With an eye to socio-economic challenges and sustainable development, the Plenary Session also discussed the strategic role of SMEs and start-ups in the Euro-Mediterranean region, the need for regional economic integration and the access by enterprises to alternative capital markets through new and flexible legislations. The ‘Start-up Market Project’, launched by PAM in December 2019, was highlighted as a concrete answer to this necessity, by bringing together start-uppers and investors through a better structured ‘capital calls’ initiative.

Delegates further praised the strengthened PAM partnership with the OECD, World Bank, IMF, UNCTAD and other IFIs, which will allow a new comprehensive parliamentary approach to the specificities of the Mediterranean region’s economy.

 

Parliamentarians reaffirmed their oversight mandate in ensuring that governments effectively deal with climate change. Converting to a new sustainable eco-friendly economy, a more efficient waste management system and adding funds and investments for environmental sustainability, were just some of the measures agreed upon by the delegates, and which will be brought up for further discussions in their capitals.

The Athens general debate was dedicated to Migration and Human Rights.

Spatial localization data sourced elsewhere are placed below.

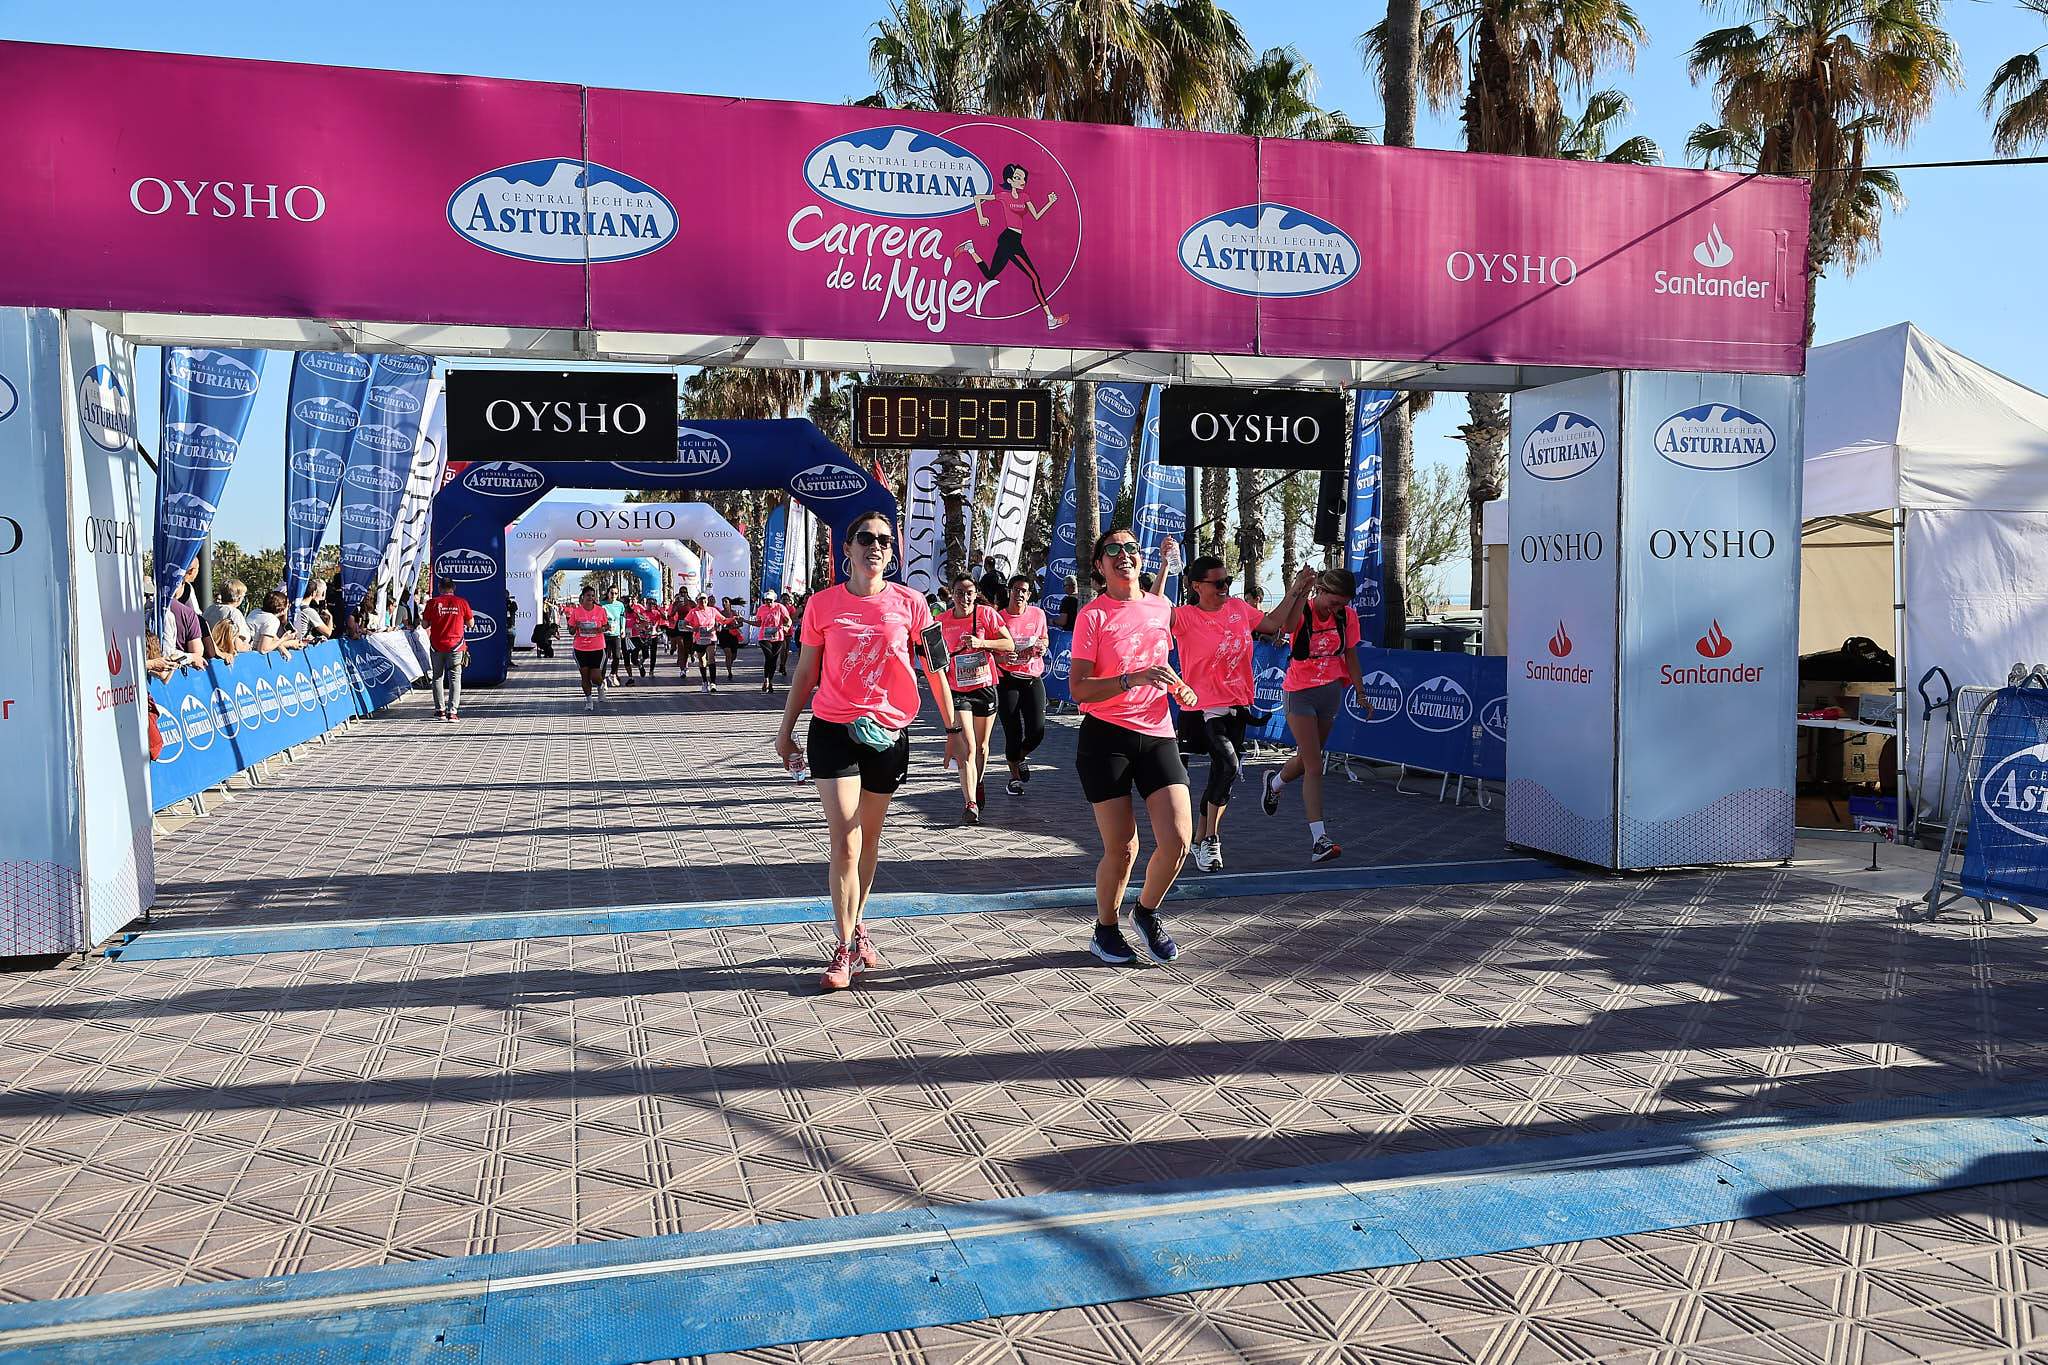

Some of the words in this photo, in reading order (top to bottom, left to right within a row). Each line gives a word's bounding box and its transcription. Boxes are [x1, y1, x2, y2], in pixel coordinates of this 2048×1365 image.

[818, 154, 979, 198] ASTURIANA
[848, 154, 908, 167] CENTRAL
[913, 159, 973, 171] LECHERA
[129, 177, 327, 222] OYSHO
[501, 192, 574, 205] CENTRAL
[466, 192, 662, 239] ASTURIANA
[787, 205, 944, 260] Carrera
[1221, 233, 1278, 245] CENTRAL
[1284, 236, 1341, 248] LECHERA
[1193, 234, 1347, 275] ASTURIANA
[1446, 251, 1577, 286] OYSHO
[826, 260, 856, 290] de
[862, 257, 883, 292] la
[877, 256, 1001, 333] Mujer
[1654, 270, 1769, 299] Santander
[170, 358, 251, 391] ASTURIANA
[305, 353, 367, 378] ASTURIANA
[83, 388, 129, 435] ASTURIANA
[485, 399, 647, 435] OYSHO
[1099, 390, 1131, 416] ASTURIANA
[867, 396, 1037, 440] 00:42:50
[1190, 412, 1321, 445] OYSHO
[1681, 426, 1721, 435] CENTRAL
[1723, 426, 1764, 435] LECHERA
[1538, 434, 1565, 445] CENTRAL
[1566, 429, 1596, 442] LECHERA
[1662, 427, 1767, 454] ASTURIANA
[1526, 440, 1598, 467] ASTURIANA
[468, 473, 538, 488] ASTURIANA
[796, 478, 862, 491] ASTURIANA
[576, 509, 676, 530] OYSHO
[906, 465, 939, 594] OYSHO
[85, 515, 136, 556] OYSHO
[1520, 531, 1603, 564] OYSHO
[1649, 528, 1775, 560] OYSHO
[437, 561, 493, 574] ASTURIANA
[1526, 660, 1593, 684] Santander
[1660, 663, 1764, 685] Santander
[1409, 693, 1464, 721] ASTURIANA
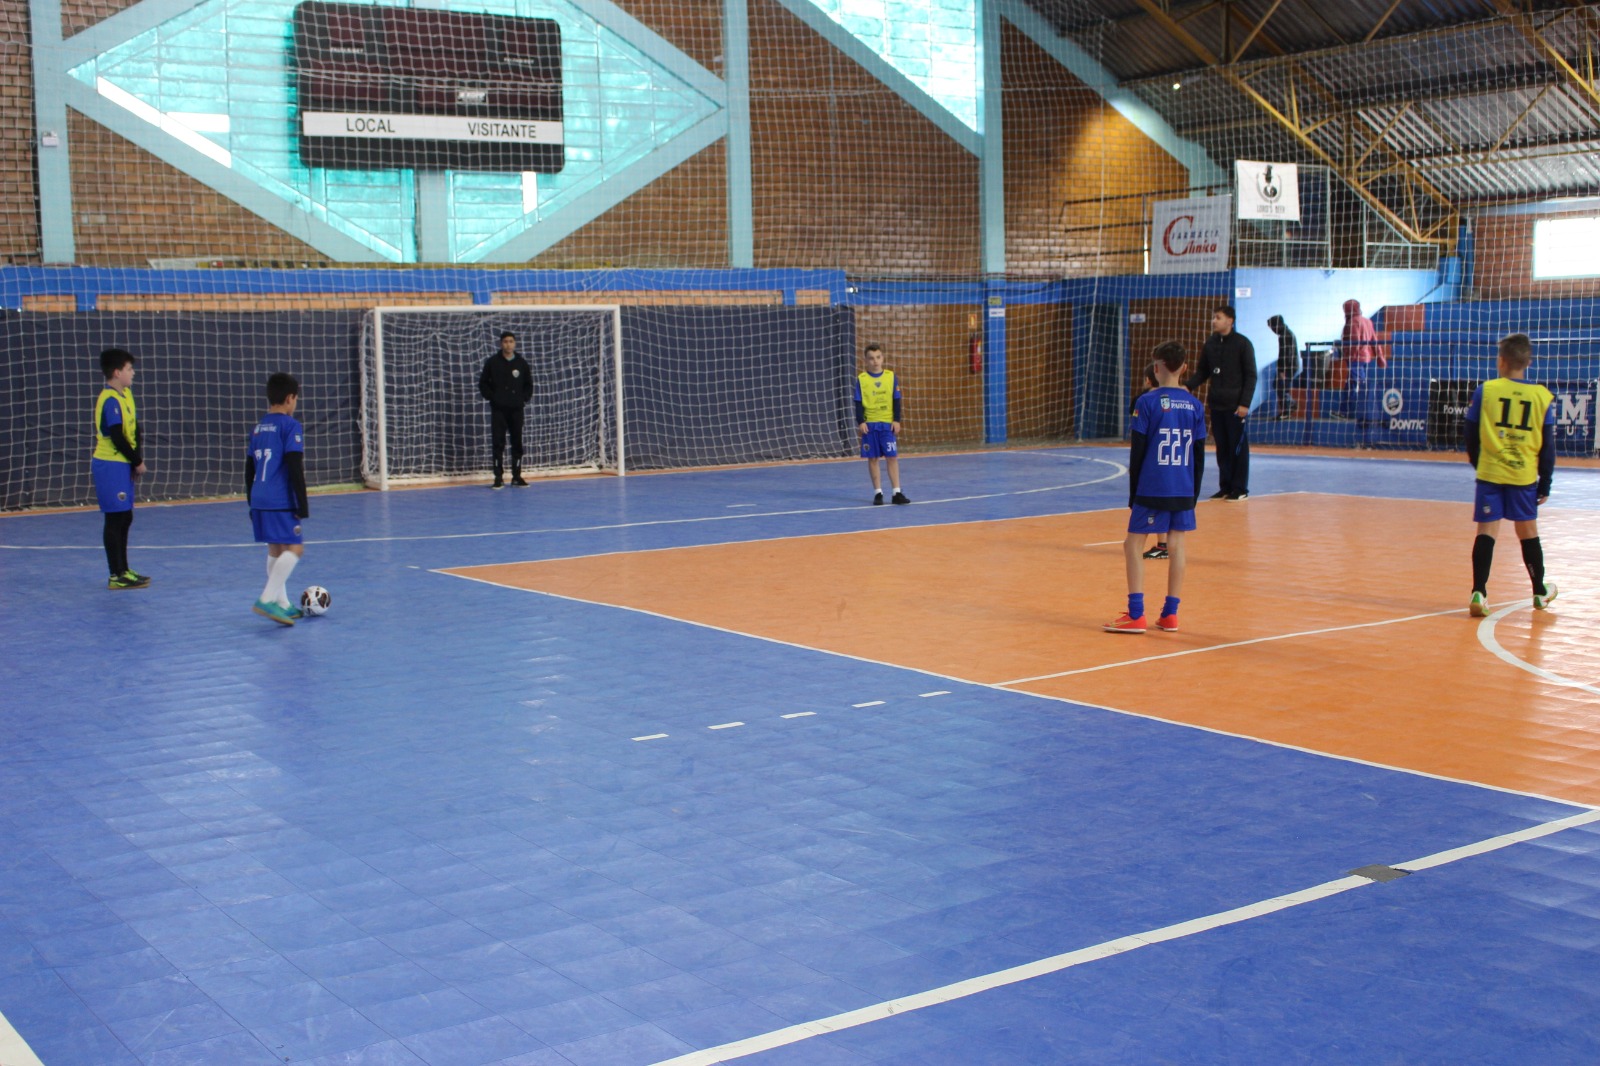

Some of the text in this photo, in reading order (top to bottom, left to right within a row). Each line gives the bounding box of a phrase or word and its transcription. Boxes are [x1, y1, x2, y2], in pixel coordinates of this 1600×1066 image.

In restating their commitment to promoting and protecting human rights, delegates pledged to support the creation of a better tailored mechanism to provide all kinds of migrants with basic needs and services, while respecting national laws in countries of origin, transit and destination.

Parliamentarians also called upon the international community and the EU to address the root causes of migration and to enhance economic development to avoid further instability, which forces people to flee from their homeland in search for better economic opportunities or protection.

The annual PAM Prize was awarded to 13 individuals and institutions, from different parts of the Euro-Mediterranean region, which operated in favour of peace, stability, humanity and prosperity for the peoples of the Mediterranean in the spirit of PAM’s mandate.

The Assembly also unanimously extended the mandate of Ambassador Sergio Piazzi as the Secretary General of PAM for a new term of four years until the 19th plenary session of 2025.

The session ended with the handover ceremony of the PAM Presidency from Alia Bouran (Jordan) to Karim Darwish (Egypt).

The 15th Plenary Session of the Assembly will be graciously hosted by the Italian Parliament and the Sardinia Region in Cagliari, February 2021.